(Dataset records Opens)

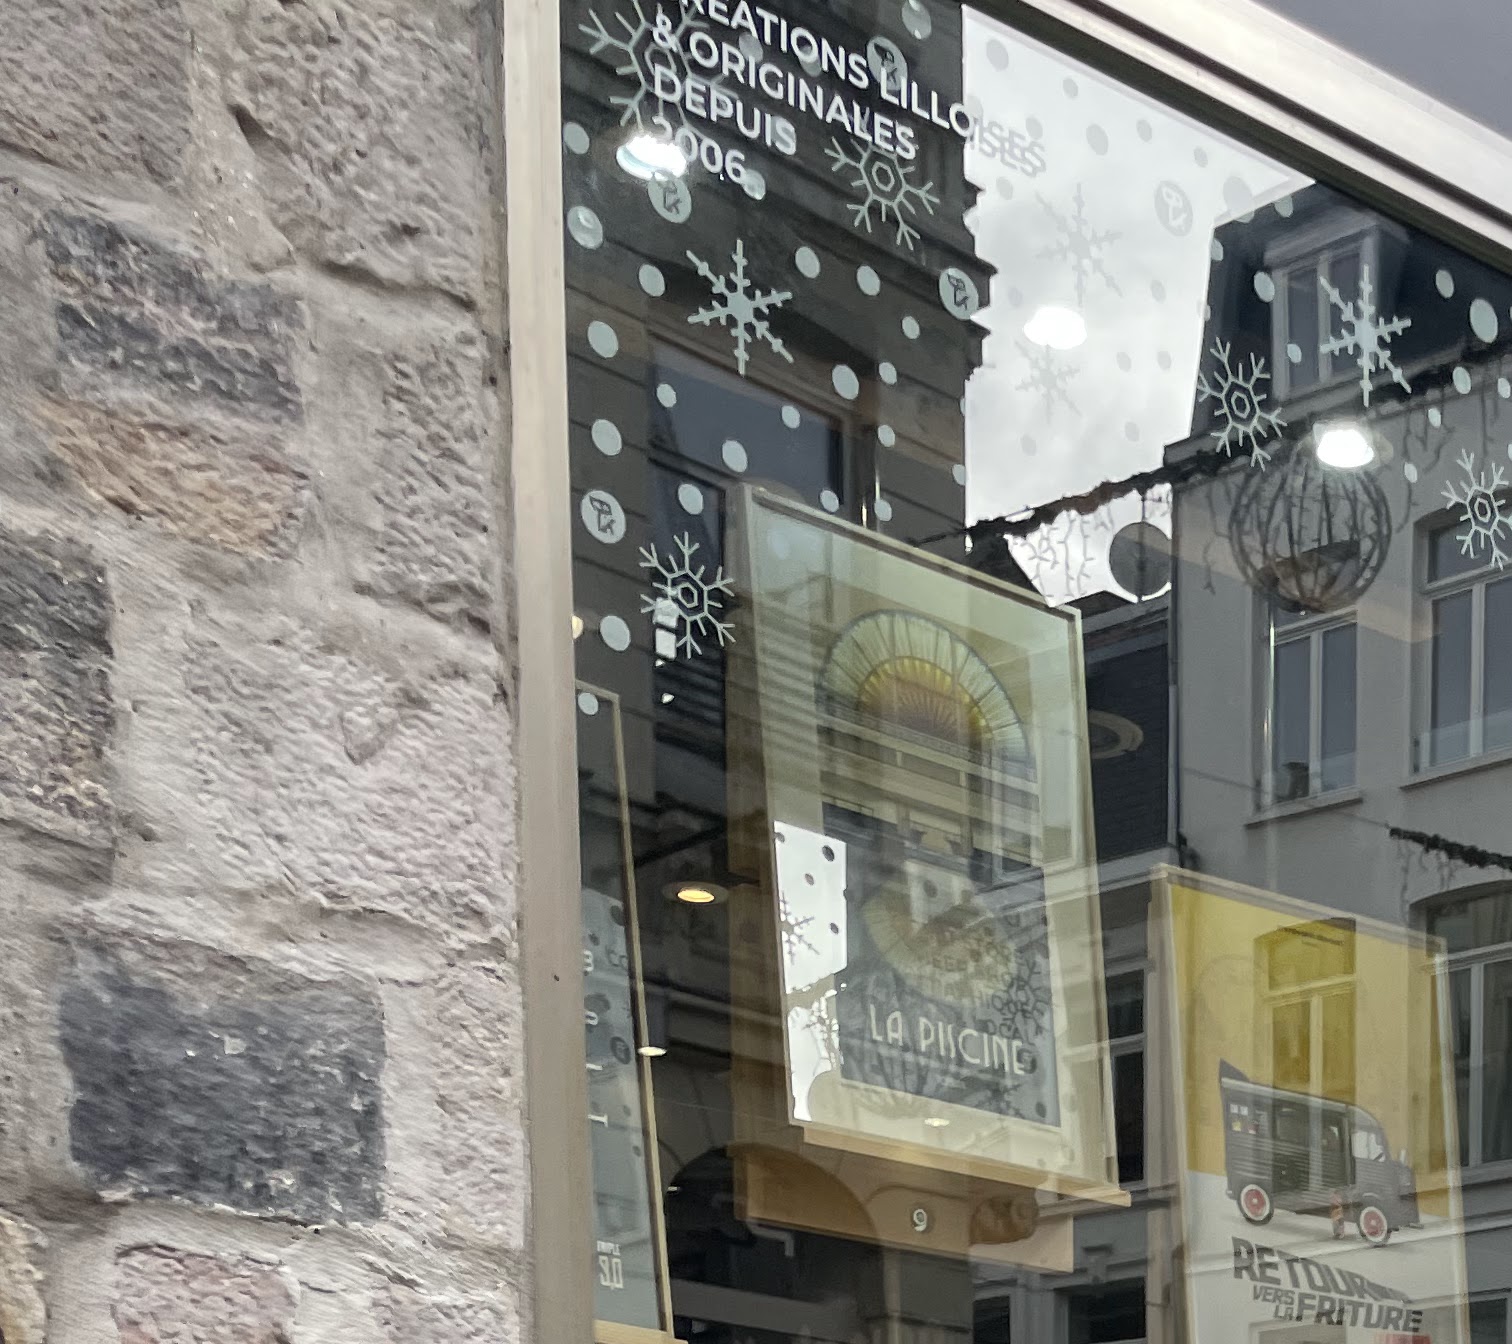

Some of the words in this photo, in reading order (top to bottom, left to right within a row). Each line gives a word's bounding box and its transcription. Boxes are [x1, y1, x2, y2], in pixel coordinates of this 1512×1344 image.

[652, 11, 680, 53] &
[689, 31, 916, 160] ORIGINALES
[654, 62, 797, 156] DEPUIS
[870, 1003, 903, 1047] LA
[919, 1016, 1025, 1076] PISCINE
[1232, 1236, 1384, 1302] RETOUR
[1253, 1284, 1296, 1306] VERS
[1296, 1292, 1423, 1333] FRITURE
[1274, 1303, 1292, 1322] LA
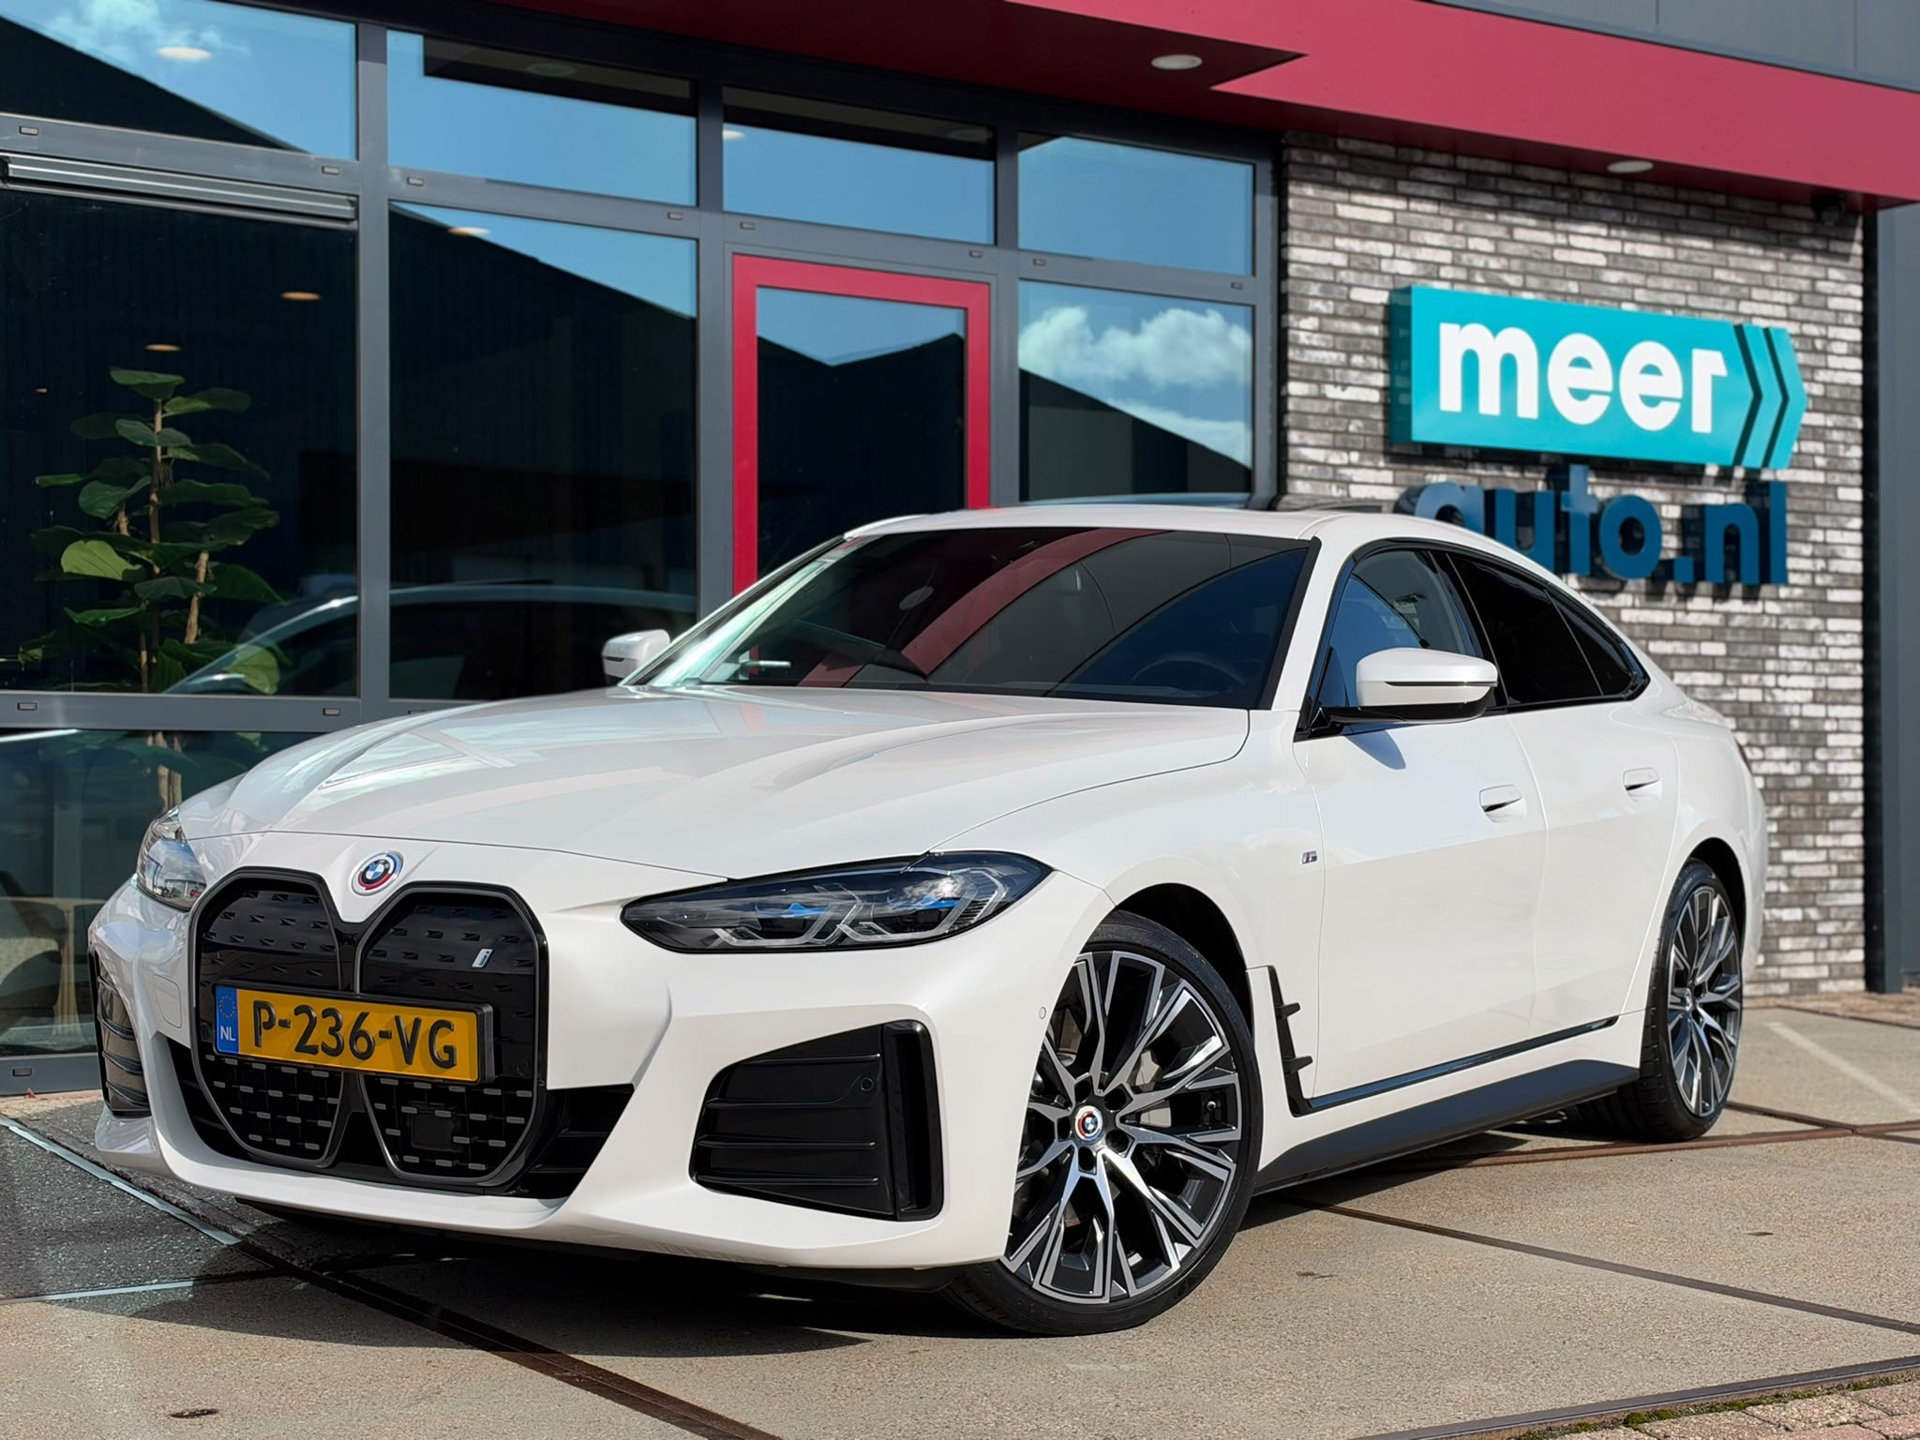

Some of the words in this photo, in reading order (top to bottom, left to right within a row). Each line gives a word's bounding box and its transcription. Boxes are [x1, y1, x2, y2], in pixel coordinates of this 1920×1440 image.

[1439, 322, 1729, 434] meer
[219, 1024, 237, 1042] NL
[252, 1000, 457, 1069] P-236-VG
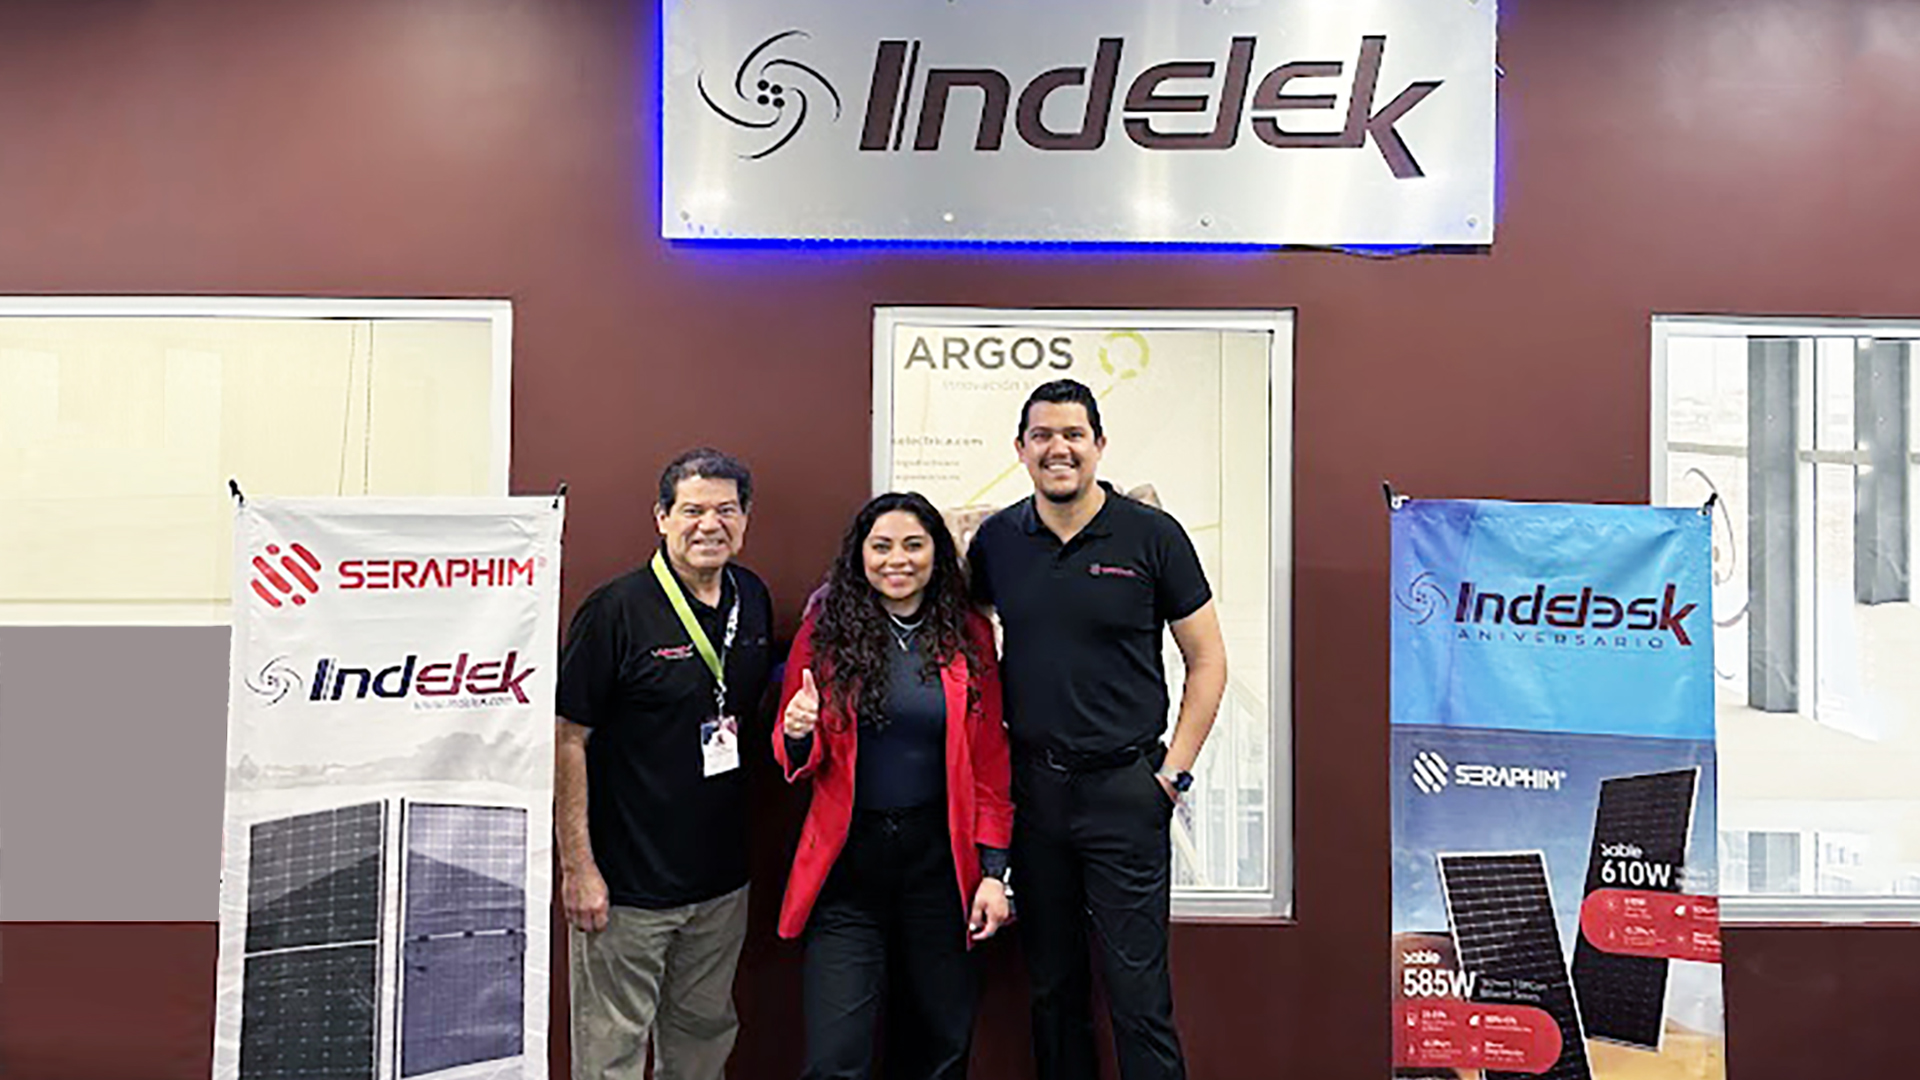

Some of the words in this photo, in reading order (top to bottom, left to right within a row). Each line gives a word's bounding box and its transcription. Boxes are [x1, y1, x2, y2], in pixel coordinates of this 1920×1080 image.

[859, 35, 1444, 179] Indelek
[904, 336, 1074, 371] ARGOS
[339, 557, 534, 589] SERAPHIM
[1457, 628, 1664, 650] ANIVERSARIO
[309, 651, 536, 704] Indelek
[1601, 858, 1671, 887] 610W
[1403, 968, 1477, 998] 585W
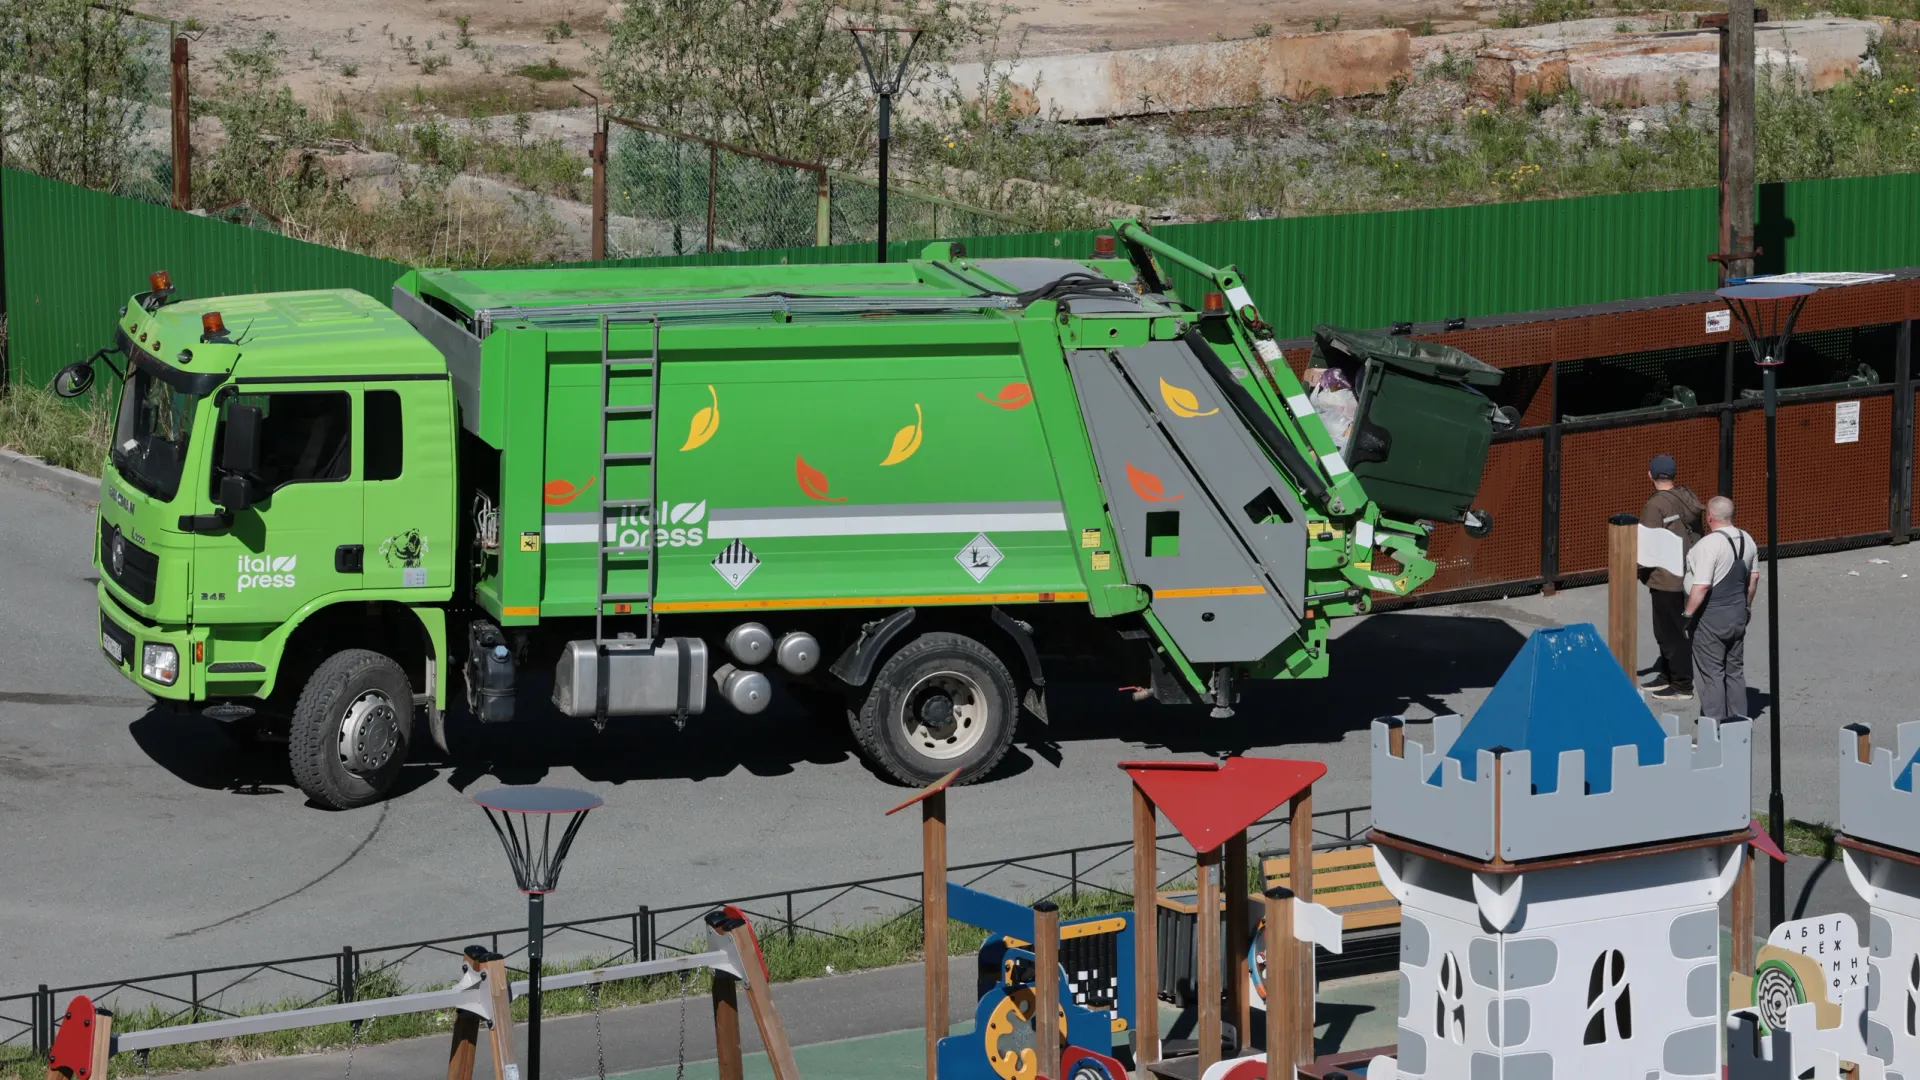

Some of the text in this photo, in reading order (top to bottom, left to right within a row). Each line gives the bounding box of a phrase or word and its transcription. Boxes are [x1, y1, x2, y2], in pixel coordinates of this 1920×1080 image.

(Dataset records Closes)

## To do
All that should appear in the response is the run of lines from the one with "this 1920×1440 image." through the final line of the records, restated exactly, with pictures omitted.

## Written answer
Some of the words in this photo, in reading order (top to bottom, left to right within a row). Each line gives a word's bounding box and its transcription. Boxes are [x1, y1, x2, y2], in pixel coordinates of this 1920×1440 image.

[1439, 322, 1729, 434] meer
[219, 1024, 237, 1042] NL
[252, 1000, 457, 1069] P-236-VG

Some of the words in this photo, in reading order (top to bottom, left to right within a row). Each line gives a word's bounding box and its transcription. Boxes are [x1, y1, x2, y2], in pixel coordinates of this 1920×1080 image.

[859, 35, 1444, 179] Indelek
[904, 336, 1074, 371] ARGOS
[339, 557, 534, 589] SERAPHIM
[1457, 628, 1664, 650] ANIVERSARIO
[309, 651, 536, 704] Indelek
[1601, 858, 1671, 887] 610W
[1403, 968, 1477, 998] 585W

Some of the text in this photo, in reading order (top to bottom, left to right within a row). Each line gives the bounding box of a phrase or word and its transcription. Boxes are [x1, y1, x2, y2], in pixel coordinates of this 1920×1080 image.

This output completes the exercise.